Asus Eee PC 900 Ultra Mobile PC
Internal Look, BIOS, Boot Times
Internally there are some differences between 900 and 700 series Eee PCs as well. Although they technically use the same processor and chipset, the storage configuration, the actual default CPU clock, and stock memory configuration has changed.
The Asus Eee PC 900 is available in two configurations currently, a 20GB model pre-loaded with a custom Xandros based Linux operating system and a 12GB version that includes Windows XP Home. The difference in storage space for the two operating system options allows Asus to offer both units at the same $549 price. But note, the flash storage is not one contiguous partition. The OS actually resides on 4GB of internal flash memory, and 8GB (Windows) or 16GB (Linux) socketed modules are used for the rest of the storage. In reality, it would be better to list the storage capacity of the Eee PC 900 series as 4+8GB or 4+16GB.

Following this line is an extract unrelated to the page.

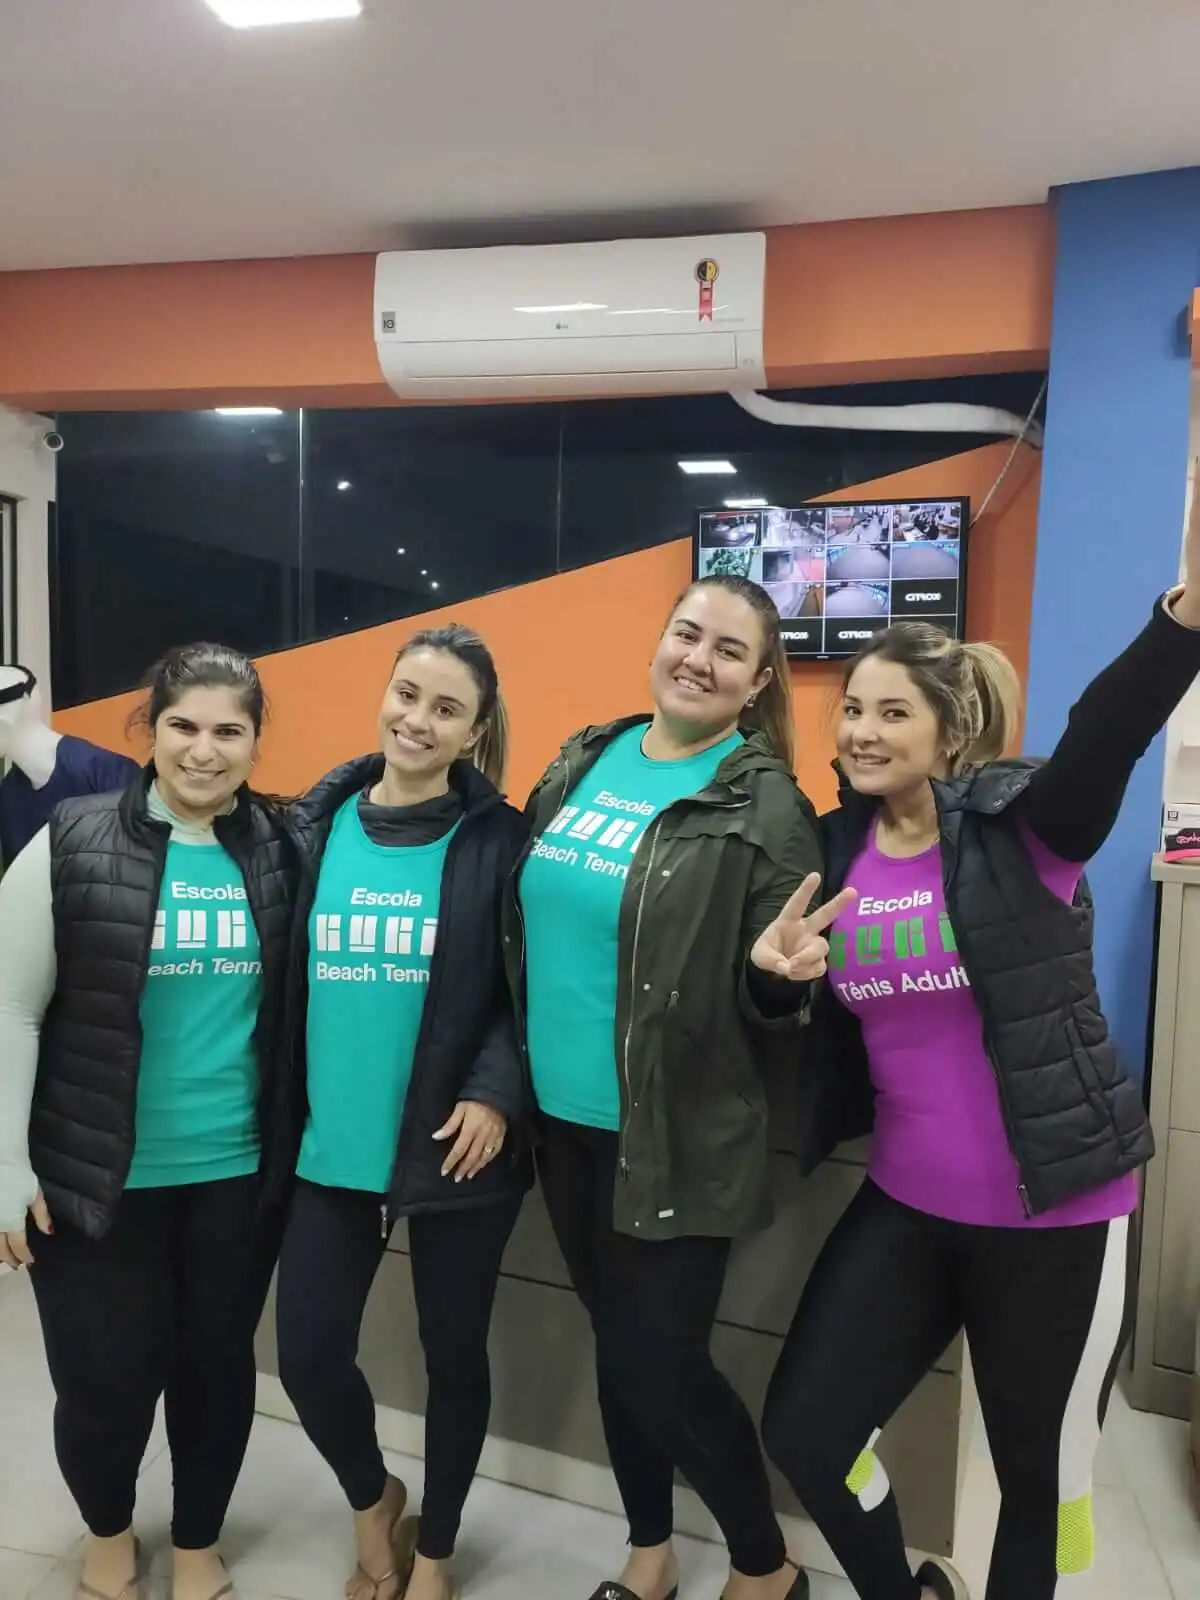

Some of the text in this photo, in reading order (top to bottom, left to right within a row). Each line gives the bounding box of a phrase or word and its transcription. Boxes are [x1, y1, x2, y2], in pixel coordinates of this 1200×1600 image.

The 16GB flash storage module is located under a panel on the underside of the unit, along with the 1GB of DDR2-667 RAM. The Eee PC 900's stock 1GB of RAM is double, or quadruple that of earlier 700 series models, and it has a profound impact on the perceived performance of the machine. More on that later.

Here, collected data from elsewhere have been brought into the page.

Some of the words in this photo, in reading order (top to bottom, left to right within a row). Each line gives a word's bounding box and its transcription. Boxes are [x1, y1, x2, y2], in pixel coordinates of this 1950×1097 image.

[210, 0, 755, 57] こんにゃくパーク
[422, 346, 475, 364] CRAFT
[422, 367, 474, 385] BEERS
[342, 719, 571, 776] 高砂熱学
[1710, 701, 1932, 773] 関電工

Under the hood lies a ULV 900MHz Intel Mobile Celeron processor, clocked at its full 900MHz - not the 630MHz of a stock Eee PC 700 (you'll need to update the BIOS and enable full speed mode in the 700 series for full speed). And the same Intel 910GML series chipset with Intel UMA integrated graphics is used. Audio duties come by way of a Realtek ALC6628, 10 / 100 Ehternet by way of a PCI Express based Attansic L2 controller, and WiFi duties are handled by an Atheros-based 802.11g controller.
The Asus Eee PC 900's BIOS should look familiar to most of you. The BIOS is a AMI derivative that is very similar to what's used on the vast majority of Asus motherboards being produced today. The BIOS does not offer the wealth of options typically associated with a high-end motherboard, but the basic options for configuring all of the unit's integrated peripherals are present, as are all of the typical options for altering the time, date, boot order, etc.

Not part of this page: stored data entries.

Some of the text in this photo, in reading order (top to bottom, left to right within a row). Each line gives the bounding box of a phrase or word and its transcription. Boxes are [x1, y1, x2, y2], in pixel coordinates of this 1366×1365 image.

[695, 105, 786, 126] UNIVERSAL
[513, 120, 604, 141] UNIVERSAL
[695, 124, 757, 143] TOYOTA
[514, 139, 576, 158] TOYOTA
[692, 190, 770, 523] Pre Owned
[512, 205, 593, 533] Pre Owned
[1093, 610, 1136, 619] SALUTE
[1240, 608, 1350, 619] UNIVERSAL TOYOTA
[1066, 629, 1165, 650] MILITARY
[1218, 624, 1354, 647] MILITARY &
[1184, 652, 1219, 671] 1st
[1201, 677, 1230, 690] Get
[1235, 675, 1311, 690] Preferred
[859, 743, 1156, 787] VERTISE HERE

Boot and Application Load Times:
Because the Eee PC 900 is technically clocked higher by default and has more RAM, boot and application load times are noticeably faster than a bone stock Eee PC 700 series unit. The Linux version of Eee PC 900 we tested here can go from an off state to useable OS in about 15 seconds. And all of the units included applications loaded in no more than a couple of seconds. We certainly wouldn't call application response time instantaneous, but every does load rather quickly and we don't think you'll ever find yourself tapping your fingers waiting for one of the included applications to load.